> **WORK INSTRUCTIONS**: Copy the listing as it is written, and leave each picture out.
[[ EXTRACTED RECORDS, beginning ]]
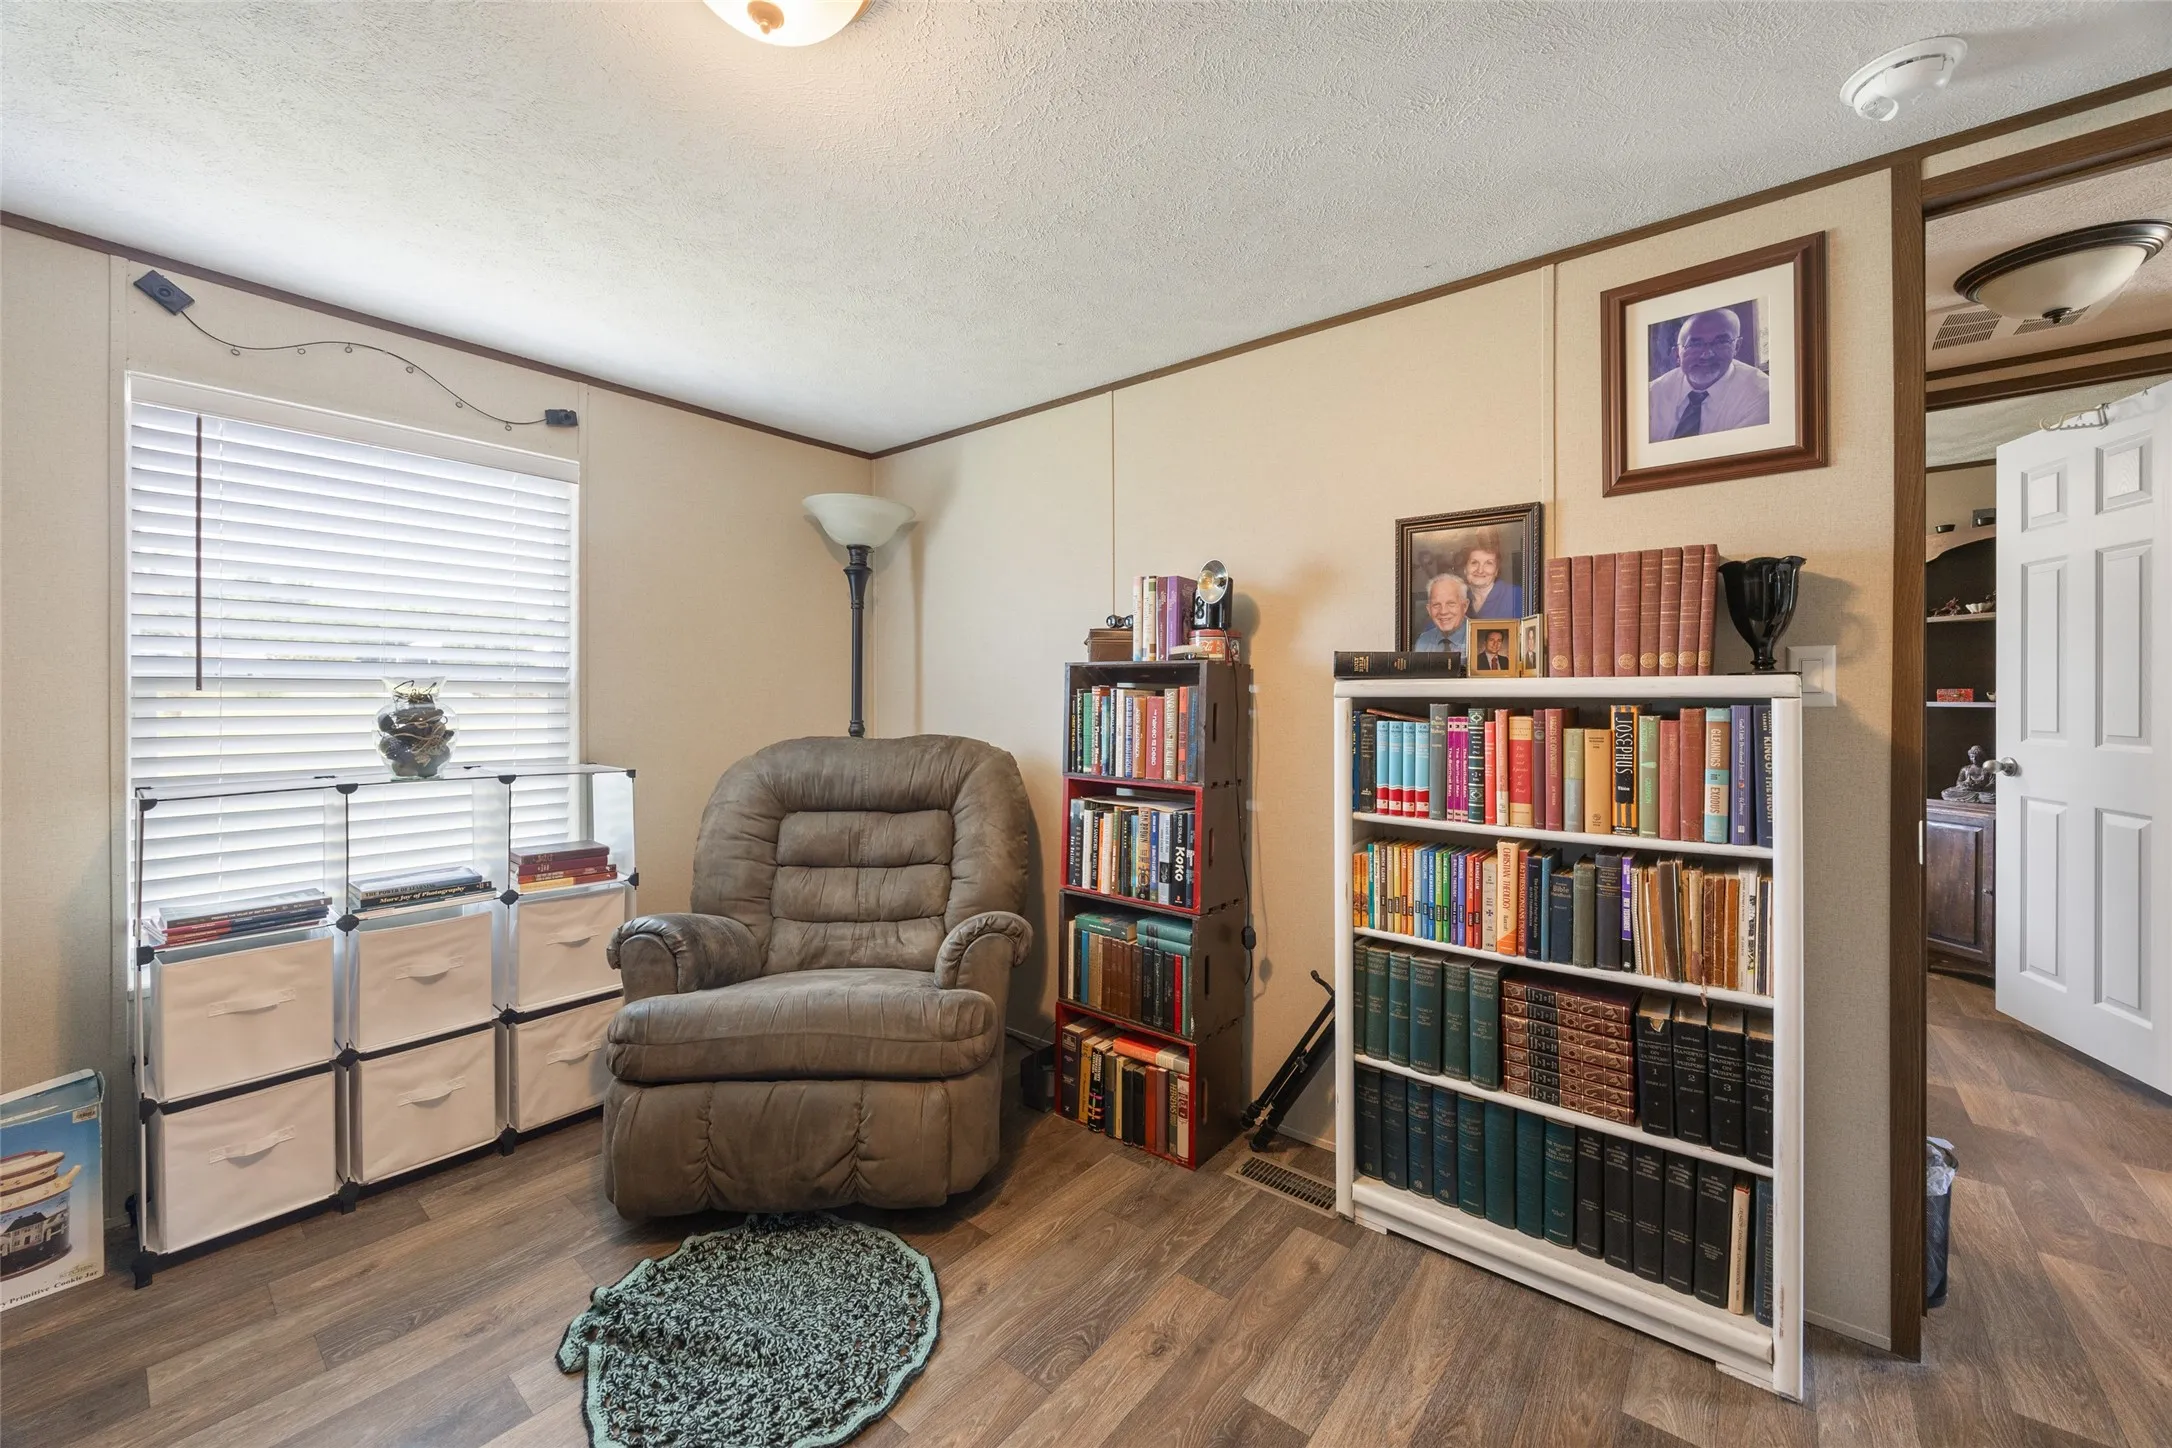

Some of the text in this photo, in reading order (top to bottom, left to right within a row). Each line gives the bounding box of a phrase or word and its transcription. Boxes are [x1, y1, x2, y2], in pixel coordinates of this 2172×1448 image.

[1165, 691, 1175, 766] SANDRA BROWN THE ALIBI
[1549, 716, 1557, 737] TARGETS
[1615, 717, 1633, 774] JOSEPHUS
[1710, 728, 1722, 768] GLEANINGS
[1763, 736, 1773, 762] KING
[1549, 744, 1557, 777] OPPORTUNITY
[1764, 763, 1773, 773] OF
[1710, 773, 1720, 781] in
[1765, 776, 1773, 792] THE
[1709, 786, 1721, 814] EXODUS
[1140, 810, 1149, 844] DAN BROWN
[1174, 846, 1186, 882] KOKO
[1502, 847, 1512, 879] CHRISTIAN
[378, 888, 399, 896] POWER
[408, 883, 436, 892] LEARNING
[379, 896, 398, 904] More
[398, 894, 411, 902] Joy
[422, 886, 466, 898] Photography
[1502, 880, 1511, 911] THEOLOGY
[1687, 1074, 1696, 1082] 2
[1721, 1064, 1733, 1072] ON
[1723, 1083, 1732, 1092] 3
[1761, 1094, 1771, 1102] 4
[9, 1270, 99, 1304] Primitive Cookie Jar
[1762, 1247, 1773, 1310] BIBLE ATLAS
[[ EXTRACTED RECORDS, end ]]
> **RESULT OF THE TASK**:
Some of the text in this photo, in reading order (top to bottom, left to right within a row). Each line gives the bounding box of a phrase or word and its transcription. Boxes are [x1, y1, x2, y2], in pixel coordinates of this 2172×1448 image.

[1165, 691, 1175, 766] SANDRA BROWN THE ALIBI
[1549, 716, 1557, 737] TARGETS
[1615, 717, 1633, 774] JOSEPHUS
[1710, 728, 1722, 768] GLEANINGS
[1763, 736, 1773, 762] KING
[1549, 744, 1557, 777] OPPORTUNITY
[1764, 763, 1773, 773] OF
[1710, 773, 1720, 781] in
[1765, 776, 1773, 792] THE
[1709, 786, 1721, 814] EXODUS
[1140, 810, 1149, 844] DAN BROWN
[1174, 846, 1186, 882] KOKO
[1502, 847, 1512, 879] CHRISTIAN
[378, 888, 399, 896] POWER
[408, 883, 436, 892] LEARNING
[379, 896, 398, 904] More
[398, 894, 411, 902] Joy
[422, 886, 466, 898] Photography
[1502, 880, 1511, 911] THEOLOGY
[1687, 1074, 1696, 1082] 2
[1721, 1064, 1733, 1072] ON
[1723, 1083, 1732, 1092] 3
[1761, 1094, 1771, 1102] 4
[9, 1270, 99, 1304] Primitive Cookie Jar
[1762, 1247, 1773, 1310] BIBLE ATLAS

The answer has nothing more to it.